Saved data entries
-----
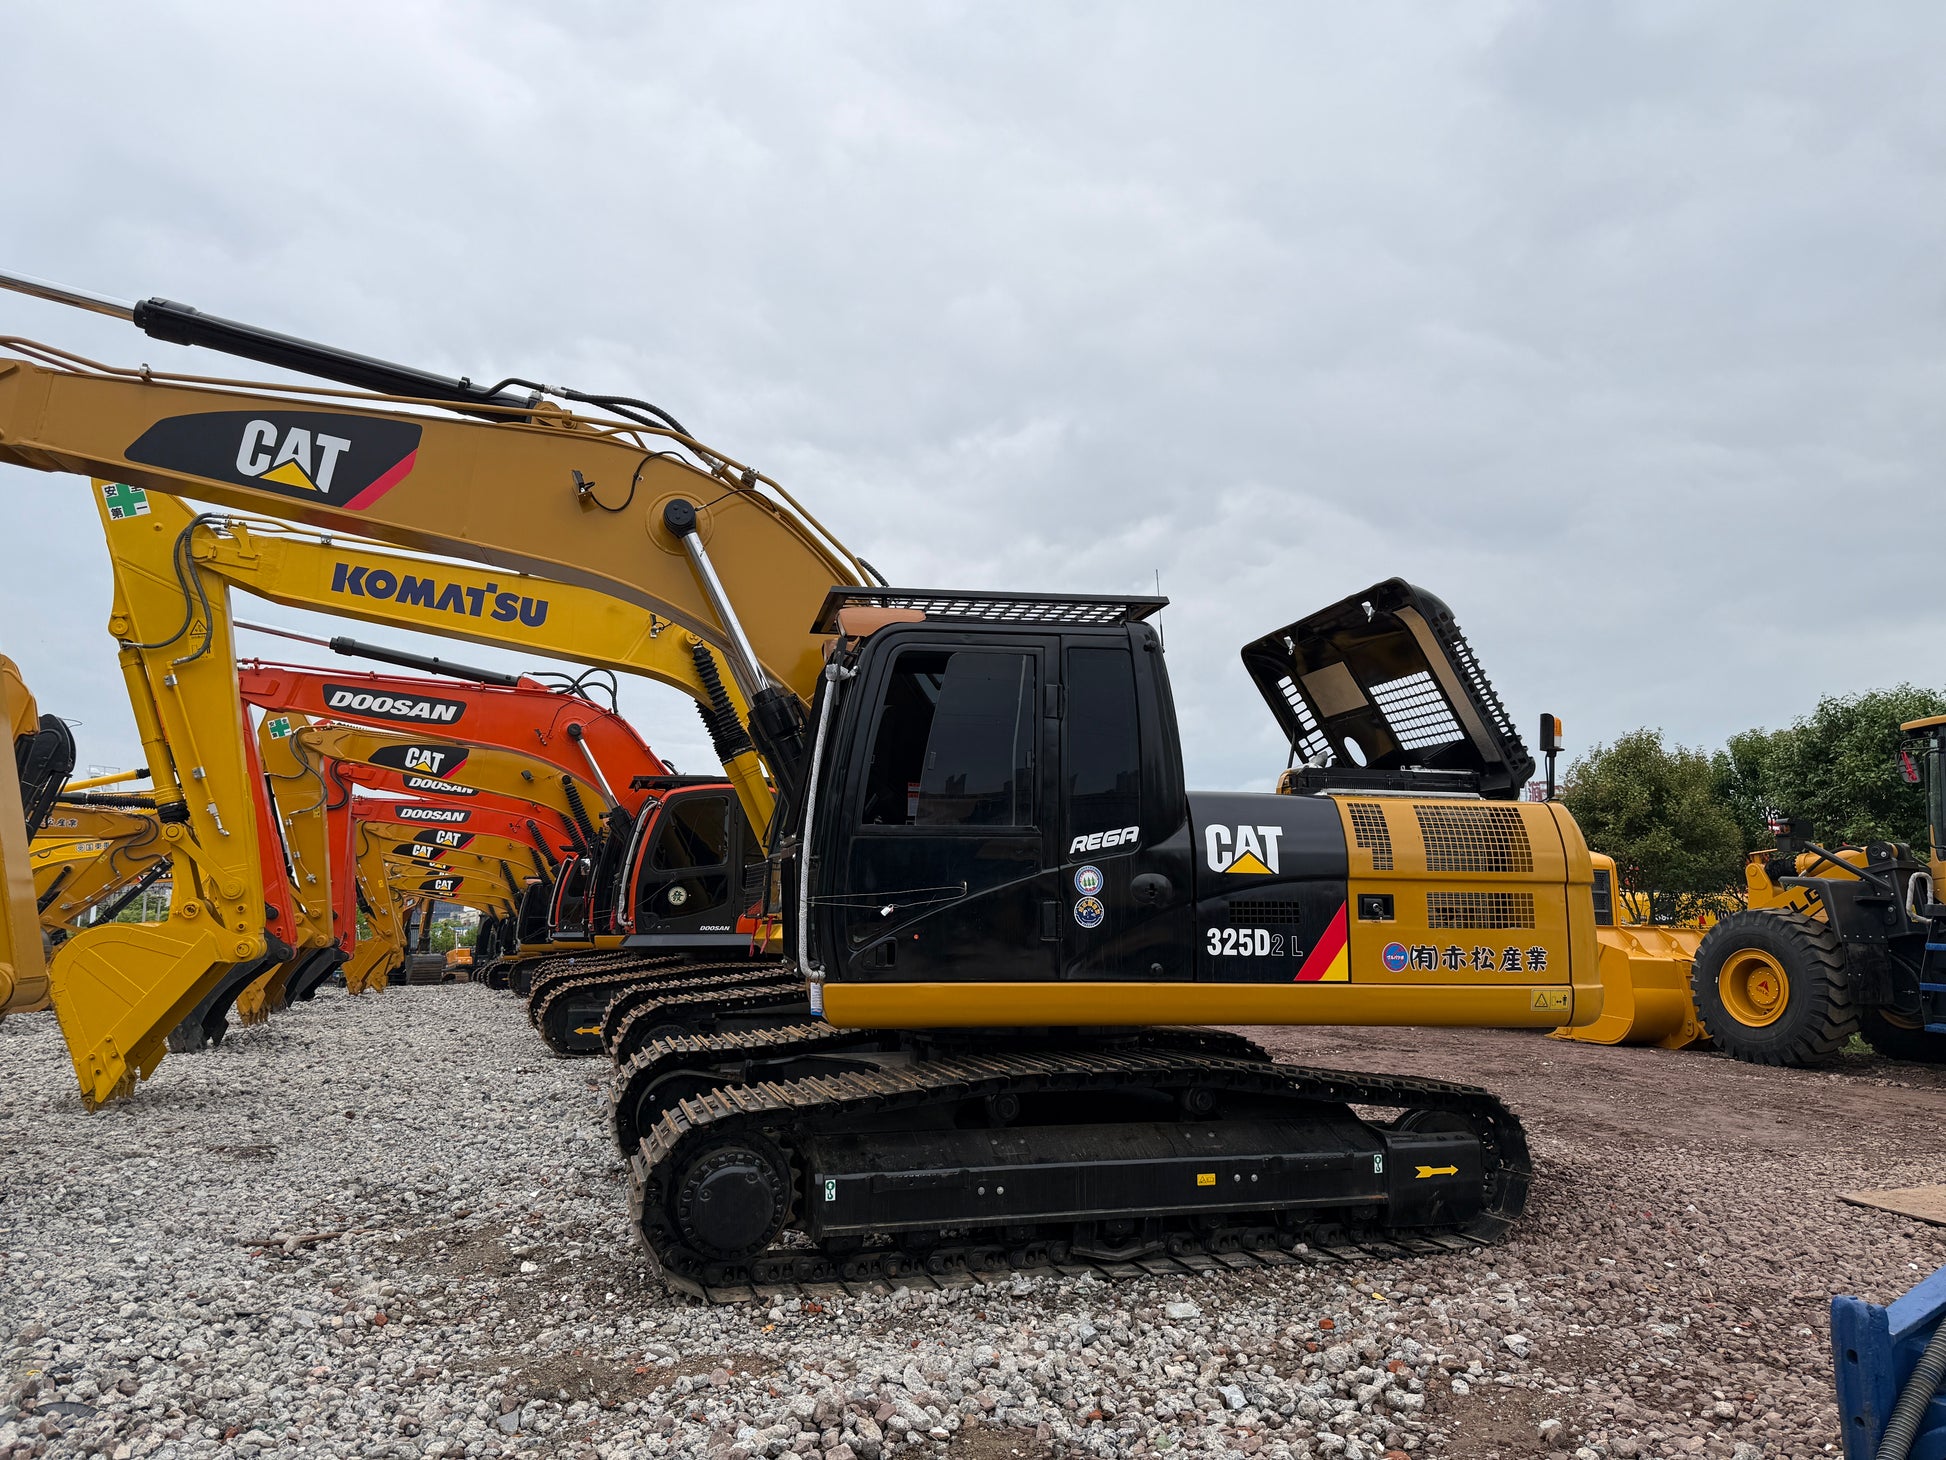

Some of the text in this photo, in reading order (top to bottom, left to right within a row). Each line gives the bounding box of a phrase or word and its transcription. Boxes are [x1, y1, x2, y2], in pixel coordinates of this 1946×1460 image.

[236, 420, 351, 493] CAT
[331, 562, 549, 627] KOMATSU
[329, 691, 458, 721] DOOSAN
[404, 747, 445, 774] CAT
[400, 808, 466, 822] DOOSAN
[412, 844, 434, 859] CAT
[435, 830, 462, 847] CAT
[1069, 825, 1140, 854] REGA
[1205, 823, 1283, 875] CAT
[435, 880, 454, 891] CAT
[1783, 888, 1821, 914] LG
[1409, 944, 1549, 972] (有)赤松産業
-----
ASSIGNMENT
What is needed is an exact repeat of the records, with every picture left out.

WRITTEN REPLY
Some of the text in this photo, in reading order (top to bottom, left to right within a row). Each line gives the bounding box of a phrase or word and its transcription. Boxes are [x1, y1, x2, y2], in pixel coordinates of this 1946×1460 image.

[236, 420, 351, 493] CAT
[331, 562, 549, 627] KOMATSU
[329, 691, 458, 721] DOOSAN
[404, 747, 445, 774] CAT
[400, 808, 466, 822] DOOSAN
[412, 844, 434, 859] CAT
[435, 830, 462, 847] CAT
[1069, 825, 1140, 854] REGA
[1205, 823, 1283, 875] CAT
[435, 880, 454, 891] CAT
[1783, 888, 1821, 914] LG
[1409, 944, 1549, 972] (有)赤松産業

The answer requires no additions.